With respect to working conditions at a plant, employee safety is Mabuchi's primary consideration. Those responsible for plant operations work on location and are held responsible for safety standards in the workplace. Once a health hazard is identified, action is to be taken immediately to remedy the situation. Mabuchi does not tolerate holding back funds required to implement safety measures in order to improve a plant's balance sheet.

=== Energy conservation, recycling and waste reduction ===
The Mabuchi Group changed the layout of its factories and the production process aiming to improve productivity and energy conservation, while reducing electricity and water usage and emissions at the same time. In addition, Mabuchi has improved the yield percentage of material for efficient use of resources. The company is also analyzing the content and volume of waste across the group and working on reduction as well as improvements in the recycling rate toward zero emissions. In terms of environmentally hazardous substances, Mabuchi is rolling out production activities based on the motto "do not include, do not mix, do not emit" hazardous substances.

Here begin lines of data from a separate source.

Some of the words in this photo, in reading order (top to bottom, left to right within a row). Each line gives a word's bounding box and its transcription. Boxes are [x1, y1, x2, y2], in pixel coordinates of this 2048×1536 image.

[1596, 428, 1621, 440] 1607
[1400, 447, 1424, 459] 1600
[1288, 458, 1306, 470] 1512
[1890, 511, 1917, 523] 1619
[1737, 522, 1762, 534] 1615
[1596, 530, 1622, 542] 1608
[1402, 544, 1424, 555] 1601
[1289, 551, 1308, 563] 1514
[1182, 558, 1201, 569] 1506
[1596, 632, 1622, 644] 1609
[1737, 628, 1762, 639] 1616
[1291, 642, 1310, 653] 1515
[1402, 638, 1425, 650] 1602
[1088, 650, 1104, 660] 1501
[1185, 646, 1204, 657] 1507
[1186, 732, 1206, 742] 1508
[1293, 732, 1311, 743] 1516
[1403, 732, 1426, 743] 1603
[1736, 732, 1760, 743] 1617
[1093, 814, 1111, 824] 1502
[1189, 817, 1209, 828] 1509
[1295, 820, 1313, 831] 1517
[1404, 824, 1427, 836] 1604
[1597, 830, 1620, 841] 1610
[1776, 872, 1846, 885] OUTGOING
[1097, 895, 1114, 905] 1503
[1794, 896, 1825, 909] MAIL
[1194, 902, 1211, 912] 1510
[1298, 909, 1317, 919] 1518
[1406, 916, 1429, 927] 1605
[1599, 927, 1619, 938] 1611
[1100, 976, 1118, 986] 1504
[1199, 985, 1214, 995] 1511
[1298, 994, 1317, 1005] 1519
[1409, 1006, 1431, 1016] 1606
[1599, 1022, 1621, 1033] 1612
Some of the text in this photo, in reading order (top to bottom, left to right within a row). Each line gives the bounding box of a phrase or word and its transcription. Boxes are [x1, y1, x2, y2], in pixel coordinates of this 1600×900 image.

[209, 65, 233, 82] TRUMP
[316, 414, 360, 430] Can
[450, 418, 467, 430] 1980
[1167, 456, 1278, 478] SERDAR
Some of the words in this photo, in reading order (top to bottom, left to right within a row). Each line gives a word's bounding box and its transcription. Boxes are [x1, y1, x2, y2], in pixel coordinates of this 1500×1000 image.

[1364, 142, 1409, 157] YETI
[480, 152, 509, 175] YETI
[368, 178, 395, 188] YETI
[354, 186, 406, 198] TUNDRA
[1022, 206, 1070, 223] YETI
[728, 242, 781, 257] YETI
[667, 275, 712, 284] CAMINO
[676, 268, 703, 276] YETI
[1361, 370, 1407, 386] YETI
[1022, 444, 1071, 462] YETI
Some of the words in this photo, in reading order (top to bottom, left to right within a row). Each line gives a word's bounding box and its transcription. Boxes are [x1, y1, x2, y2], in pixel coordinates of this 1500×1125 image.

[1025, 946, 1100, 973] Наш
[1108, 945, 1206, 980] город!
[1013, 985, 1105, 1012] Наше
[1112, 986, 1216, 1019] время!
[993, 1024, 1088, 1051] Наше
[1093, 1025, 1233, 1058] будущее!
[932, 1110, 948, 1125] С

Mabuchi Motor's procurement is conducted globally, and in purchasing various types of materials, the company promotes green procurement, giving priority to purchasing products from business partners who are working on environmental preservation. On the production and shipment front, Mabuchi aims to minimize use of fuel and resources at storage locations by locating its warehouses close to its customers.

=== Environmental activities ===
The Mabuchi Group conducts periodic environmental education activities, including greening factory grounds by planting trees, as part of operations in its environmental management system. The company also shares environmental information through a company newsletter and intranet while holding environment-related events such as a "Poster/Photo Contest Promoting Environmental Consideration," providing opportunities for employees to think about the environment on a daily basis. Community clean-up and greening activities by Mabuchi employees are held on an ongoing basis. Volunteering employees are participating in community-oriented environmental activities in business offices at home and abroad.

== Corporate social responsibility (CSR) ==
Mabuchi Motor engages in certain specific corporate citizenship activities. First, the company promotes access to education in China. Starting 1996, the Dalian subsidiary built three Mabuchi Hope Elementary Schools and the company continues to supply equipment and funds for school trips. Dalian Mabuchi set up the Mabuchi High School Scholarship at the Dalian Education Foundation in 1997 to provide access to education for students of all ages with disabilities or who suffer from economic hardship. In 2007, a Mabuchi Hope Junior High School was established in China's Liaoning province.

Second, Mabuchi has supported young engineers by co-sponsoring many sorts of robotics competitions every year since 2002. Mabuchi provides funds and motors to support young people who participate in these robot building contests. Since 1983, the company has operated an exhibition corner in the Science Museum of Chiyoda-ku, Tokyo. Mabuchi also provides motors to participants in events held by the Japan Science Museum Association. The company has also been compiling its hobby craft guidebook every year from more than 30 years and has supported slot car racing since 1961.

Third, the company educates local employees as leaders, regardless of their nationality, provides skill improvement training, and human resource development and benefit packages tailored to each region where Mabuchi operates.